◆ **Exercise brief**
Without skipping anything, print all of the data exactly.

::::

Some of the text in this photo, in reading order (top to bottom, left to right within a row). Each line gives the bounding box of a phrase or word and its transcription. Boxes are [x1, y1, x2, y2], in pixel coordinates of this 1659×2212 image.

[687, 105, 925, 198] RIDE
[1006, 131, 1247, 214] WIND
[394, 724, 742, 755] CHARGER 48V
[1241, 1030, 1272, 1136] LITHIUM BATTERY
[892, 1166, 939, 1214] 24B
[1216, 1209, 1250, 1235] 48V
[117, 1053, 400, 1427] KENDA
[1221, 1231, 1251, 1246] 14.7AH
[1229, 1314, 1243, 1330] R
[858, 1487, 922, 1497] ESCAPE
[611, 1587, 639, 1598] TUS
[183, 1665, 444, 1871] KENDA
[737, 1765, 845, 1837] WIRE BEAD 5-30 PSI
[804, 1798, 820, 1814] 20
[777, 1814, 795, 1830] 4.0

::::

◆ **Written reply**
Some of the text in this photo, in reading order (top to bottom, left to right within a row). Each line gives the bounding box of a phrase or word and its transcription. Boxes are [x1, y1, x2, y2], in pixel coordinates of this 1659×2212 image.

[687, 105, 925, 198] RIDE
[1006, 131, 1247, 214] WIND
[394, 724, 742, 755] CHARGER 48V
[1241, 1030, 1272, 1136] LITHIUM BATTERY
[892, 1166, 939, 1214] 24B
[1216, 1209, 1250, 1235] 48V
[117, 1053, 400, 1427] KENDA
[1221, 1231, 1251, 1246] 14.7AH
[1229, 1314, 1243, 1330] R
[858, 1487, 922, 1497] ESCAPE
[611, 1587, 639, 1598] TUS
[183, 1665, 444, 1871] KENDA
[737, 1765, 845, 1837] WIRE BEAD 5-30 PSI
[804, 1798, 820, 1814] 20
[777, 1814, 795, 1830] 4.0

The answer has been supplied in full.